Is there a better way to use operations (mainly bit32) on buffers?

I need to use bitwise operations (like AND or other) and bit shifts on a large buffer I have but I couldn’t find anything ressembling that in the buffer library, so I made a little function for this (another one for bit shift that uses buffer.copy but it’s pretty much the same code).

The problem is that my game calls this function many many times (>5000 per thread) every frame (and I cannot remove or optimize the calls made) so I’d like to know if there is a better/faster alternative to doing that (especially since it uses loops).

local function processBuffer(b: buffer, bitOffset: number, op: (number) -> (number))
	-- The last iteration may not be in a batch of 32
	local bLen = buffer.len(b)
	local iterations, lastIterationLength = bLen, bLen % 4

	local bOutput = buffer.create(bLen)
	for i=4, iterations, 4 do
		local position = bitOffset + (i - 4) * 8

		buffer.writeu32(bOutput, position, op(
			buffer.readu32(b, position)
		))
	end

	-- Handle the last iteration
	local position = bitOffset + bLen - lastIterationLength
	local size = lastIterationLength

	buffer.writebits(bOutput, position, size, op(
		buffer.readbits(b, position, size)
	))

	-- Returning
	return bOutput
end

Just to precise I don’t totally understand buffers and this function might not work properly (I can’t understand if offset is in bytes or bits)

The offset is in bytes:

You can test it for yourself. If you want fast bitwise operations then yes you’d want to use the bit32 API.

2 Likes

Thank you for this, I have now made these utility functions (which are unfortunately too slow for my use case but I’ll accept it).

-- Utility functions
local function processBuffers(b1: buffer, b2: buffer, op: (number, number) -> (number))
	-- Variables
	local bLen = math.min(buffer.len(b1), buffer.len(b2))
	local b3 = buffer.create(bLen)
	
	local lastByte = bLen - 4
	
	-- Looping through the buffer and applying the operation
	for i = 0, lastByte, 4 do
		local num1, num2 = buffer.readu32(b1, i), buffer.readu32(b2, i)
		
		buffer.writeu32(b3, i, op(num1, num2))
	end
	
	-- Writing the last iteration as the last iteration may not be in a batch of 4 bytes
	local num1, num2 = buffer.readu32(b1, lastByte), buffer.readu32(b2, lastByte)

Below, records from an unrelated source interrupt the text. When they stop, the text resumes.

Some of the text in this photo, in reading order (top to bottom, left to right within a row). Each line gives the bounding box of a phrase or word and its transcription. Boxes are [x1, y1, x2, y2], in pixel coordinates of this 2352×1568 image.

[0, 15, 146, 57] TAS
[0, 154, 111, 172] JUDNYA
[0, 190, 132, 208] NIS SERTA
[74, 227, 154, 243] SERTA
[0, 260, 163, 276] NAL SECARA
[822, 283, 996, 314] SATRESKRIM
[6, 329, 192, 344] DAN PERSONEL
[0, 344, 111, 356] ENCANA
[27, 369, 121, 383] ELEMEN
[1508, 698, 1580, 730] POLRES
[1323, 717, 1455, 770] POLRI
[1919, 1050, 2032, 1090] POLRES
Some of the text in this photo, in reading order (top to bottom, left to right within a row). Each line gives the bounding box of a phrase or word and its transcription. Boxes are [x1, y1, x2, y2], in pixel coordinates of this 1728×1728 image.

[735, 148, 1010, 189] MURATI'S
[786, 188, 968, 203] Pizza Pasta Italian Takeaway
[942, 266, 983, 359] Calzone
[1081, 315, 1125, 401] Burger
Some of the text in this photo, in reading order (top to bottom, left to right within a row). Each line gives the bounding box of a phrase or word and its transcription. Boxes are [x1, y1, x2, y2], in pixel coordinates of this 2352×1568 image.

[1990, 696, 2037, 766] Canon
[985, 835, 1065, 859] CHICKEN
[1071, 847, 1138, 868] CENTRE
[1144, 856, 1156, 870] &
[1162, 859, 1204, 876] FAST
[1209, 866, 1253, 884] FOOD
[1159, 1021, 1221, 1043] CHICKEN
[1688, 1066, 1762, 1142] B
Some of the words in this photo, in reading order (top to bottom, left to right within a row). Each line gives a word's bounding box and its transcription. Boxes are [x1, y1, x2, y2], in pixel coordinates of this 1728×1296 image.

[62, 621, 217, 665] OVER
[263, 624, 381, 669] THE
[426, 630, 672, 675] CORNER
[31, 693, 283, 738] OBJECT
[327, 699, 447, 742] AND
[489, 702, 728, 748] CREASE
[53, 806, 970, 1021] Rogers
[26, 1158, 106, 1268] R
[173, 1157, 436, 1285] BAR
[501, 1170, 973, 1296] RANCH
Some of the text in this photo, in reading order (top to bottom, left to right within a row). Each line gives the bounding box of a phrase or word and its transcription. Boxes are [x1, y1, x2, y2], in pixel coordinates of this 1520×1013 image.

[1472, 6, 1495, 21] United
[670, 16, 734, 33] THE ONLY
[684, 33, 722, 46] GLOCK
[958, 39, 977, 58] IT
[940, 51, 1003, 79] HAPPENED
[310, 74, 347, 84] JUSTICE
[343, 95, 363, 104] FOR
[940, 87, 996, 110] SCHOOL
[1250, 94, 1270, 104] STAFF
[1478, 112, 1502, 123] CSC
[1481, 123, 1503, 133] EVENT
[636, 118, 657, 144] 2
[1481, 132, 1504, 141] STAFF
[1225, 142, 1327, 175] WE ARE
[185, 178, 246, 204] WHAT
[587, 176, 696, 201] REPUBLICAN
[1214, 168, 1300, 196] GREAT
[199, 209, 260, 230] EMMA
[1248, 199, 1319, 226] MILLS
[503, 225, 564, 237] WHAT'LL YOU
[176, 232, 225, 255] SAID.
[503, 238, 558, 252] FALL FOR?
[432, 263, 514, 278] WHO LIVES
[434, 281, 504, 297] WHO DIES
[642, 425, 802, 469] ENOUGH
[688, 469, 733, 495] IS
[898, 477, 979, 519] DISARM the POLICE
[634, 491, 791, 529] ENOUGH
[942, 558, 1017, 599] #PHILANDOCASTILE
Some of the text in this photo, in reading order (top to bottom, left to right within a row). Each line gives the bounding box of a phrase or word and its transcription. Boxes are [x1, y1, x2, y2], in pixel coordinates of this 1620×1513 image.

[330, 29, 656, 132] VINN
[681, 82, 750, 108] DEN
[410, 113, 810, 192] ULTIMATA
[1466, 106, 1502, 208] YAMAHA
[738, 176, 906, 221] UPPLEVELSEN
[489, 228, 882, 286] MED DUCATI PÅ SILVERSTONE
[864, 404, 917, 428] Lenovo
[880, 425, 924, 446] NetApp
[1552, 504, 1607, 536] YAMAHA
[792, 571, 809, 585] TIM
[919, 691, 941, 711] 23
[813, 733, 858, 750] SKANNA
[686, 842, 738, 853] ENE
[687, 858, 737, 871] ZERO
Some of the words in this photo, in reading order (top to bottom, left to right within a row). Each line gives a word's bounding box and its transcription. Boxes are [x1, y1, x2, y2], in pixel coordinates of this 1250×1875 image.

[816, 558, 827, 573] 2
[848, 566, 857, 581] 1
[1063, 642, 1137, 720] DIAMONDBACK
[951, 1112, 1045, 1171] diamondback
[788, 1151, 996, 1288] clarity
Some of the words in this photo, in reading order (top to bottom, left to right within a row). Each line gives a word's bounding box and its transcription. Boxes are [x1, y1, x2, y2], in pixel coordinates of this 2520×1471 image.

	buffer.writeu32(b3, lastByte, op(num1, num2))
	
	-- Returning
	return b3
end

local function getShiftedBuffer(b: buffer, shift: number)
	-- Variables
	local bLen = buffer.len(b)
	local bOutput = buffer.create(bLen)
	
	local bitLen = bLen * 8
	local firstBit = math.max(shift, 0)
	local lastBit = math.min(bitLen, bitLen + shift) - 32
	
	-- Applying the shift to the new buffer
	for i = firstBit, lastBit, 4 do
		local num = buffer.readbits(b, i - shift, 32)
		
		buffer.writebits(bOutput, i, 32, num)
	end
	
	-- Copying the last iteration as the last iteration may not be in a batch of 4 bytes
	local num = buffer.readbits(b, lastBit - shift, 32)
	
	buffer.writebits(bOutput, lastBit, 32, num)
	
	-- Returning
	return bOutput
end

local function print2dBuffer(b: buffer, width: number)
	local bLen = buffer.len(b) * 8
	local lines = math.ceil(bLen / width) - 1
	local lastLineWidth = bLen % width
	
	local str = "\n"
	for y=0, lines do
		if y == lines then
			width = lastLineWidth + 8
		end
		
		for x=0, width - 1 do
			str ..= tostring(buffer.readbits(b, y * width + x, 1))
		end
		
		str ..= "\n"
	end
	
	print(str)
end

Seems like one of your main bottlenecks is string concatenation (for your print2D function at least). You can confirm that this is true using the microprofiler. Basically, every time you concatenate two strings together, the Lua VM constructs an entirely new string which eats up performance.

Using table.concat should speed up your code a decent amount.

1 Like

Thanks, however the print2D function was not the one slowing down my game as it was only for visualization during testing, but I didn’t know about the concatenation issue as I’m pretty new to luau optimization.